UNITED STATES DISTRICT COURT EASTERN DISTRICT OF NEW YORK
Apr 30, 2020
20-cv-1947 (BMC) (LB) (E.D.N.Y. Apr. 30, 2020)

Summary

recognizing that plaintiff's primary grievance may amount to a violation of the constitution, but dismissing the complaint for failure to provide sufficient detail to the court in order to state a claim for unconstitutional conditions of confinement under § 1983

Summary of this case from Montes v. O'Shea

Opinion

20-cv-1947 (BMC) (LB)

04-30-2020

JOB MARTIN GRANT-COBHAM, Plaintiff, v. CAPTAIN MARTINEZ et al., Defendants.


MEMORANDUM DECISION AND ORDER COGAN, District Judge.

Plaintiff pro se, a prisoner in the Rikers Island Correctional Center, brings this § 1983 lawsuit against a bevy of corrections officers and medical personnel for creating or contributing to unsanitary prison conditions. Plaintiff's request to proceed in forma pauperis is granted and his request for the appointment of counsel is denied without prejudice. Because plaintiff's complaint does not plausibly allege unconstitutionally deficient prison conditions, it is dismissed with leave to amend within 20 days of this Order.

BACKGROUND

Plaintiff pro se is currently incarcerated at the George R. Vierno Center ("GRVC") on Rikers Island, although he doesn't say whether he is a pre-trial detainee or a convicted prisoner. Plaintiff's long (174-pages with attachments), semi-coherent complaint, naming 21 defendants, asserts a litany of individual grievances regarding his conditions of confinement in the prison. According to the pleading, plaintiff has "been exposed to inhalation of polluted smoke, human waste as well as the methane or 'garbage' on Rikers Island."

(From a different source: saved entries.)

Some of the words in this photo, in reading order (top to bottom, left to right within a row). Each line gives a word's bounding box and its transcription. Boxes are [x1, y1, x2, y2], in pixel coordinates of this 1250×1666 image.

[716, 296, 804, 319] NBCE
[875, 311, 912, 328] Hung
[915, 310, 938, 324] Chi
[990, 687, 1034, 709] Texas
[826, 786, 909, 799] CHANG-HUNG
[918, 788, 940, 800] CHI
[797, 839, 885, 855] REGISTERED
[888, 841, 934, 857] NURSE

In particular, plaintiff complains of (1) two inmates - "Smith" and "Lamumba" - who sometimes throw their feces within plaintiff's cell block, hitting plaintiff at least once; (2) inmates and prison staff smoking on prison premises; (3) personal squabbles with an inmate named Sarrano regarding both Sarrano's smoking and his attempts to slander plaintiff; (4) commercial and/or bartering transactions between plaintiff and other inmates being undermined by prison personnel; (5) verbal abuse by prison personnel; (6) denial of services by private law firms; (7) insufficient attention from the prison medical staff to a rash on plaintiff's skin; (8) the stress accompanying having to endure the noise of other inmates, including their screaming, while the corrections officers ignore it; (9) lack of privacy in his cell and in the showers; (10) the prison's refusal to provide "a hat and tan sweater for cold conditions"; (11) unclean or "brown" water in the prison; (12) the smell of methane gas; (13) the presence of maggots and flies in plaintiff's cell; (14) sometimes being served cold food; and (15) delayed fulfilment of service requests for light bulb replacements and sink repairs.

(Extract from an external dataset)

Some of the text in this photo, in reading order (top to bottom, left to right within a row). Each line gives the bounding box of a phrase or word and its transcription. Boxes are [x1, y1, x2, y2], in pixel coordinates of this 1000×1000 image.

Plaintiff has filed a number of administrative grievances about these incidents and conditions to no apparent avail.

DISCUSSION

Pro se complaints are "held to less stringent standards than formal pleadings drafted by lawyers." Erickson v. Pardus, 551 U.S. 89, 94 (2007) (internal quotation marks and citation omitted). However, they must still plead "enough facts to state a claim to relief that is plausible on its face," Bell Atlantic Corp. v. Twombly, 550 U.S. 544, 570 (2007), and to "allow[] the court to draw the reasonable inference that the defendant is liable for the misconduct alleged." Ashcroft v. Iqbal, 556 U.S. 662, 678 (2009). Although the Court assumes all factual allegations contained in the complaint to be true, this principle is "inapplicable to legal conclusions." Id.

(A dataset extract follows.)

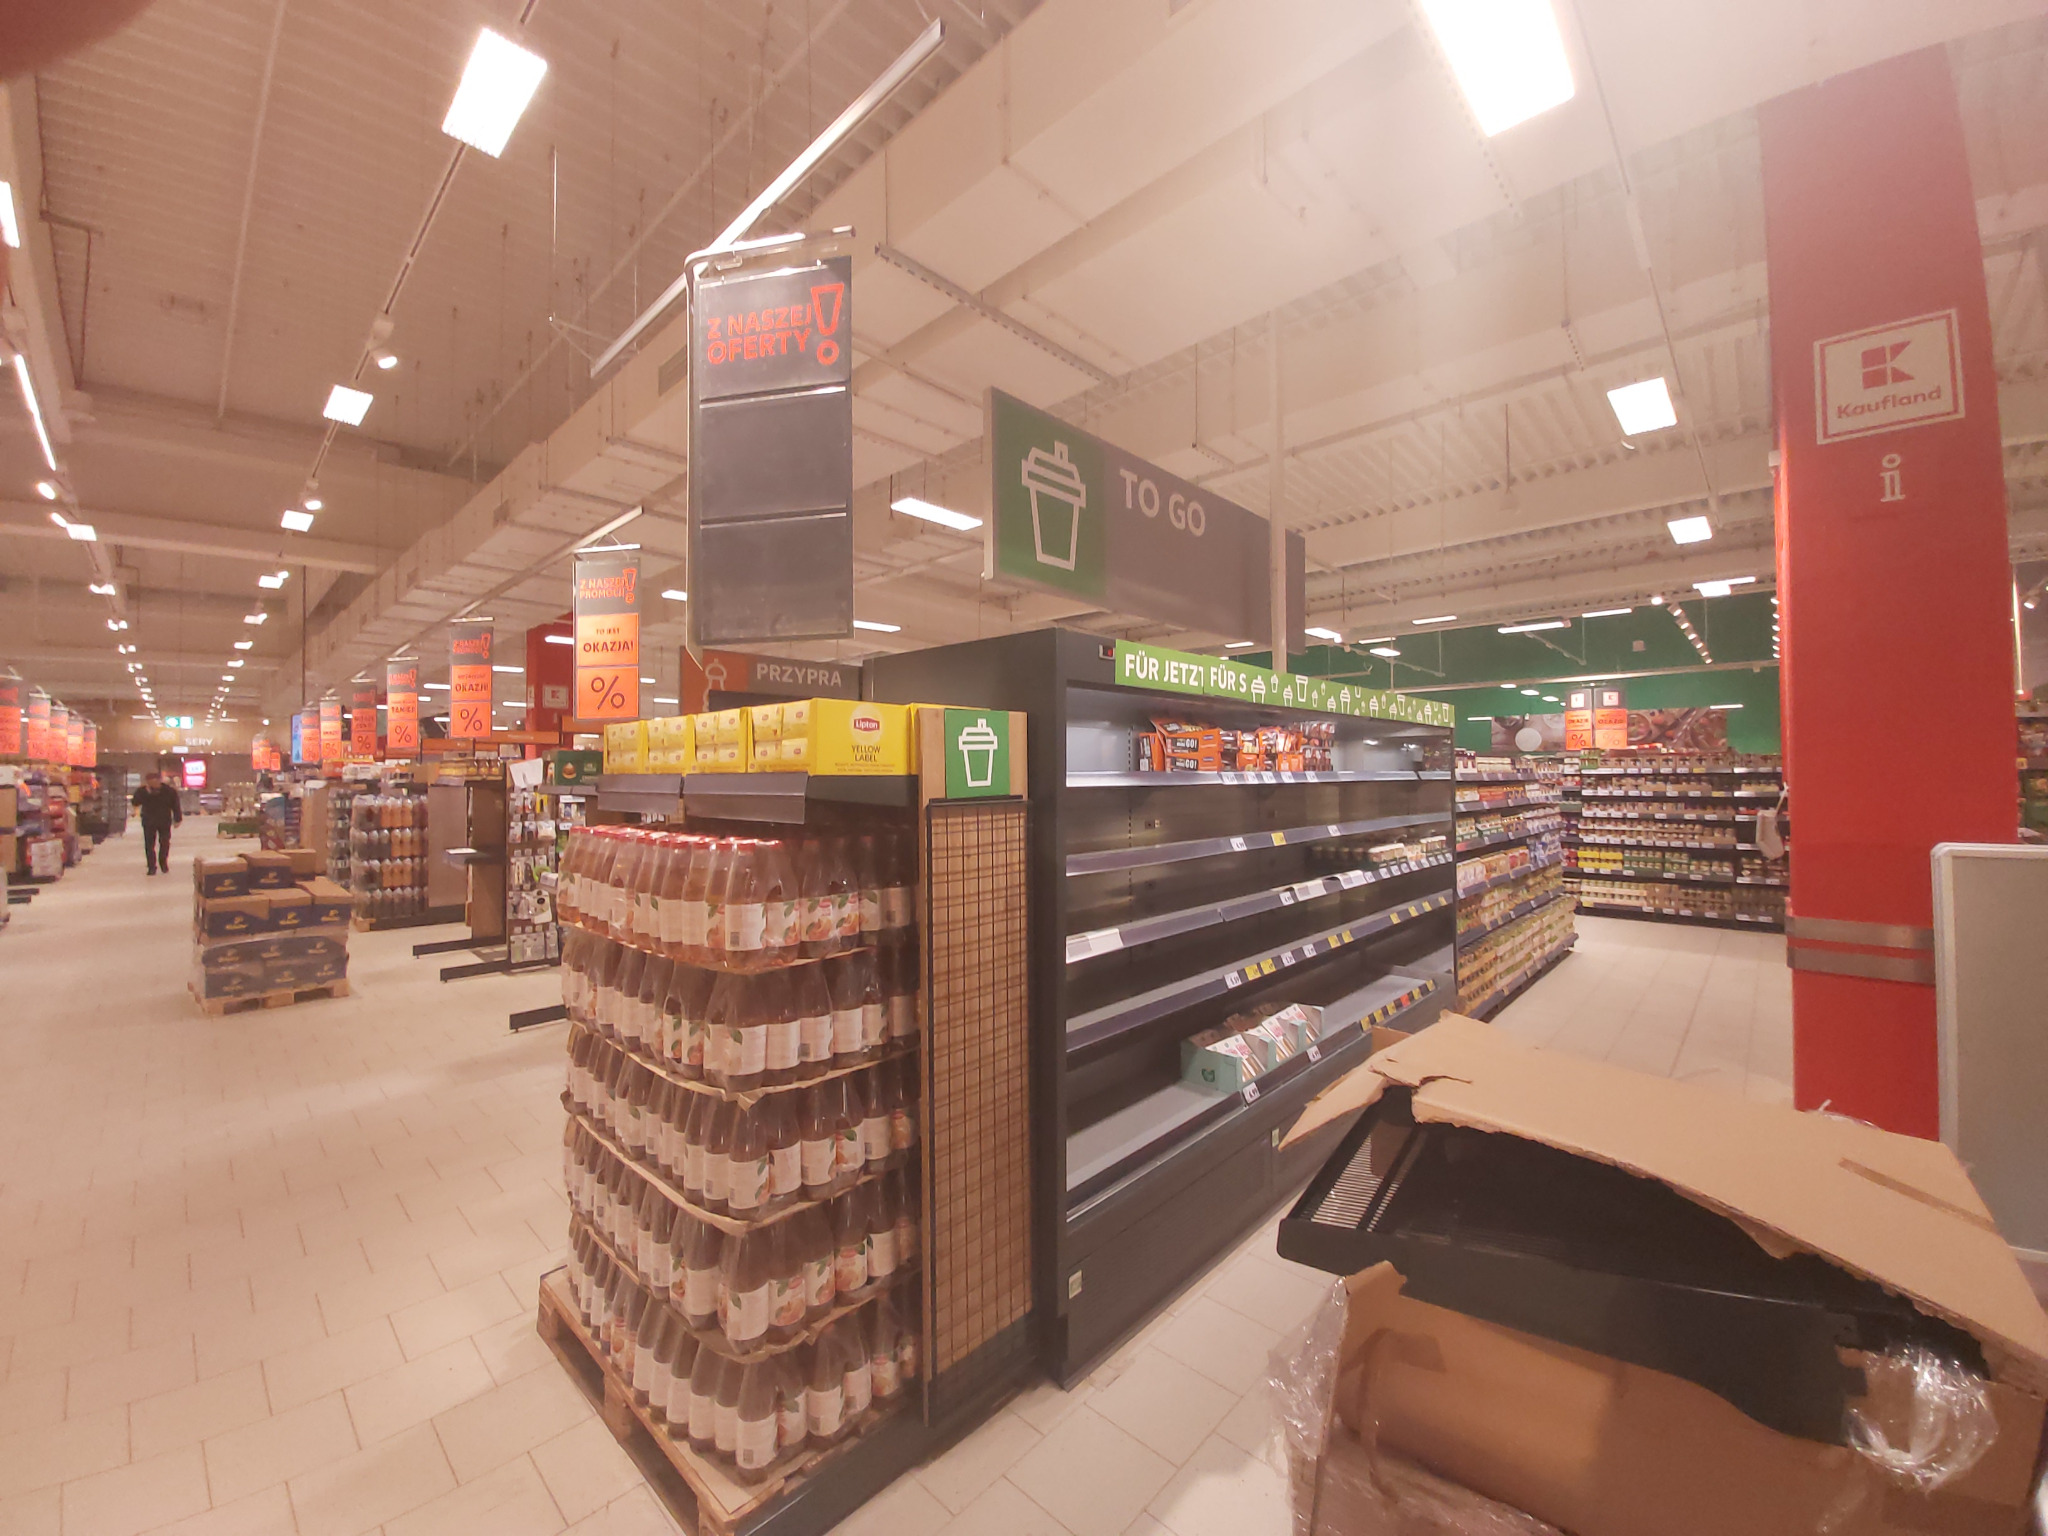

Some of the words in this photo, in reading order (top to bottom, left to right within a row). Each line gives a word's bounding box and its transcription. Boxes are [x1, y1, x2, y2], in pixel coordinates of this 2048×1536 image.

Under 28 U.S.C. § 1915(e)(2)(B), the Court must dismiss an in forma pauperis action if it determines that the action "(i) is frivolous or malicious; (ii) fails to state a claim on which relief may be granted; or (iii) seeks monetary relief from a defendant who is immune from such relief." An action "is frivolous when either: (1) the factual contentions are clearly baseless, such as when allegations are the product of delusion or fantasy; or (2) the claim is based on an indisputably meritless legal theory." Livingston v. Adirondack Beverage Co., 141 F.3d 434, 437 (2d Cir. 1998) (internal quotation marks and citation omitted).

A claim alleging deprivation of rights under 42 U.S.C. § 1983 requires that a plaintiff demonstrate that the challenged conduct was "committed by a person acting under color of state law," and that the conduct "deprived [the plaintiff] of rights, privileges, or immunities secured by the Constitution or laws of the United States." Cornejo v. Bell, 592 F.3d 121, 127 (2d Cir. 2010). Furthermore, a plaintiff must show that each of the named defendants was personally involved in the wrongdoing or misconduct of which he complains. See Farrell v. Burke, 449 F.3d 470, 484 (2d Cir. 2006) (quoting Wright v. Smith, 21 F.3d 496, 501 (2d Cir. 1994)).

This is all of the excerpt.